The first option is more work but generally works better.
 
I know since you are using ubuntu64 you are trying to stay away from windows but you can always give this a shot.
Install "Wine" and do all the needed updates/.dll's downloads so you have the very latest release and all files needed to run windows apps in ubuntu and then install Internet Explorer 7.
Flash problem solved!!
I had the same problem but I went back to ubuntu 32bit or x86 so I could get flash to work.
Well anyway I hope this helps..
 
Use wine to emulate flash and a windows browser. (could probably do firefox if you don't want to use IE)
 
Allrighty, I officially do not like this whole "subcribe to topic" bull... I had forgotten about this thread and never discovered you all had taken the time to respond because it wasn't listed under "my forums". Anyhow, my beef with the new forums aside...

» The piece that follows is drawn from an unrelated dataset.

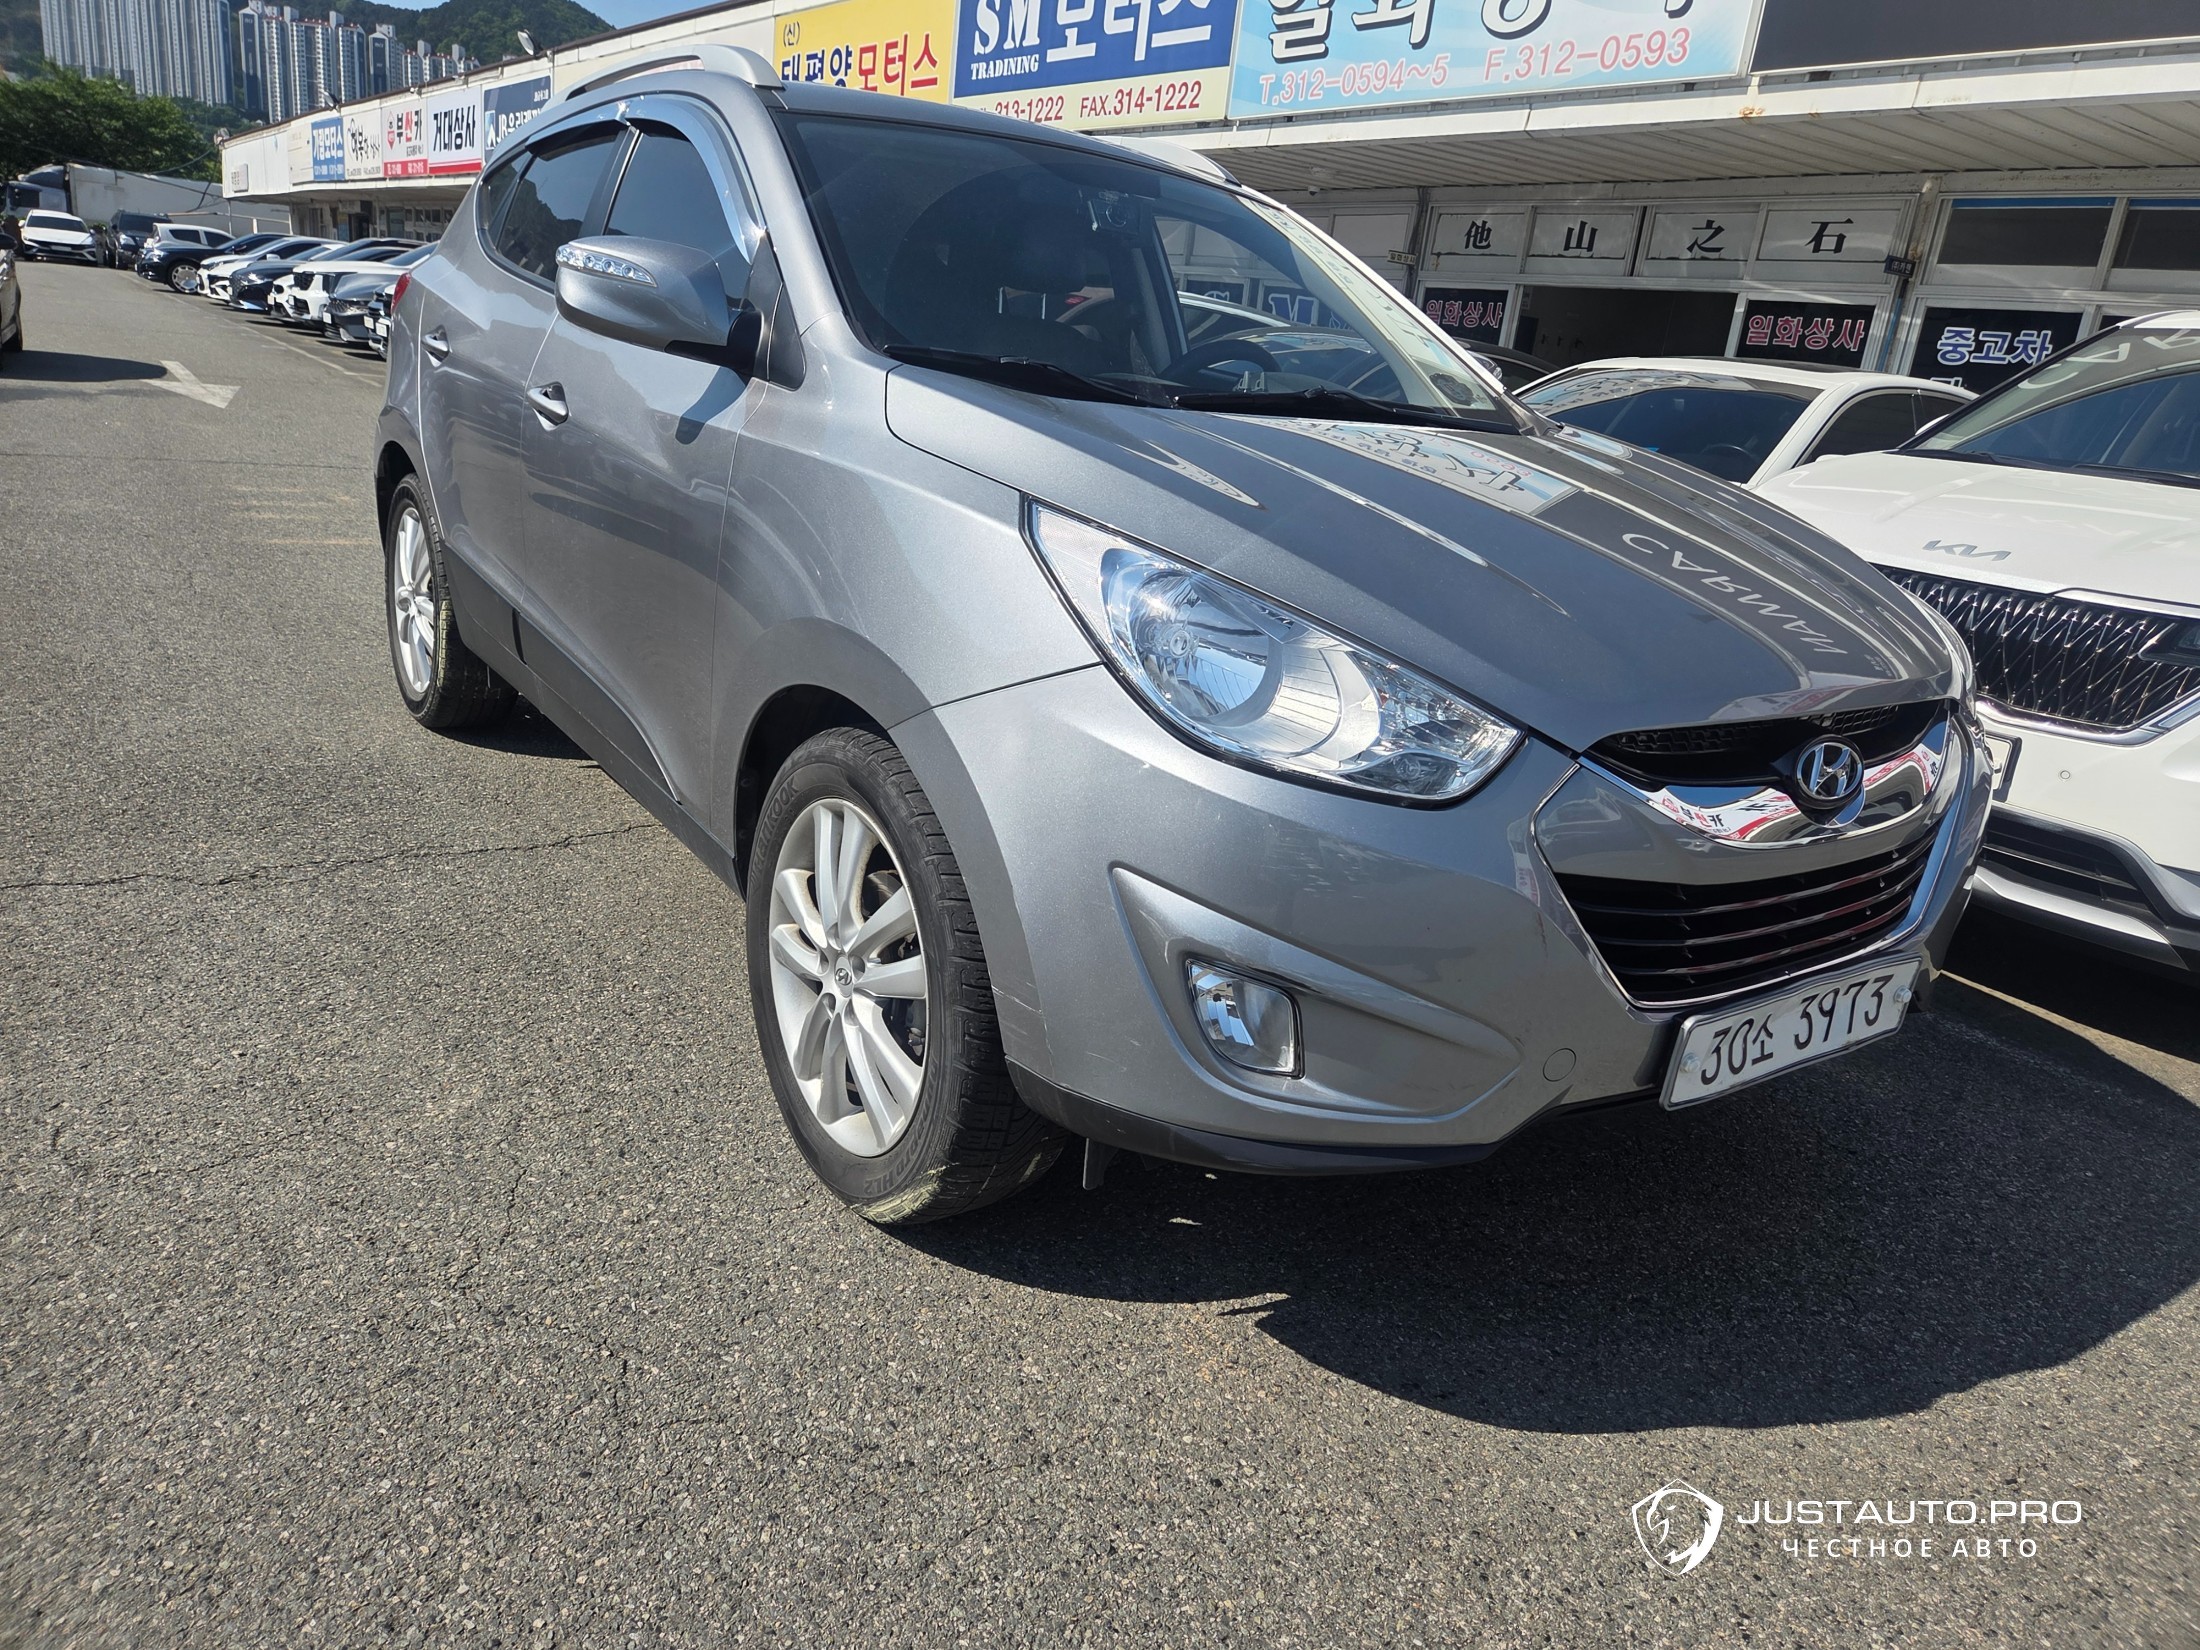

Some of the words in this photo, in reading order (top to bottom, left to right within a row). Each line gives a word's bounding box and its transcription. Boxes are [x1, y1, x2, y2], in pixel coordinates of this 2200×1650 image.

Is there any downside to "nspluginwrapper" as opposed to running a true Flash 64-bit in Firefox?

Thanks, guys!
- Chaz
 
I've used nspluginwrapper with very little trouble. The only problem I had was the parent browser window defocusing when my focus was on the Flash element (which might even be a problem with 32-bit Flash). That's a very minor and simply cosmetic problem. Of course a true 64-bit Flash would be better, mostly for convenience and speed reasons, but as it stands there is no such thing. There's Gnash, but I think it only supports up to Flash 7 or so and I've never had much luck with it (it crashed my Firefox).

It's harder to get the 32-bit Firefox to work the way you want. I've had problems ranging from it starting with a different skin, to conflicting with my other 64-bit Firefox, and also broken fonts. Those are just a few hurdles of getting a 32-bit GTK program to run properly on your 64-bit system. You need to install a lot of 32-bit lib packages on your system to get it to work, as well. Everything has to be right, but if you find the right guide you can make it work. It's harder than nspluginwrapper, and not to mention less convenient, at least from my experience. Ever since, I have just used 32-bit Linux since 64-bit offers me no benefits.

I should mention that using 32-bit libs on a 64-bit system to run Firefox32 is different than running it from a chroot, but in my experience I have had even more troubles getting the chroot to work the way I wanted.
 
Is there any downside to "nspluginwrapper" as opposed to running a true Flash 64-bit in Firefox?

It's an ugly hack that shouldn't be required, I installed it just to see if it worked and removed it like a week later because I realized that I didn't care about flash.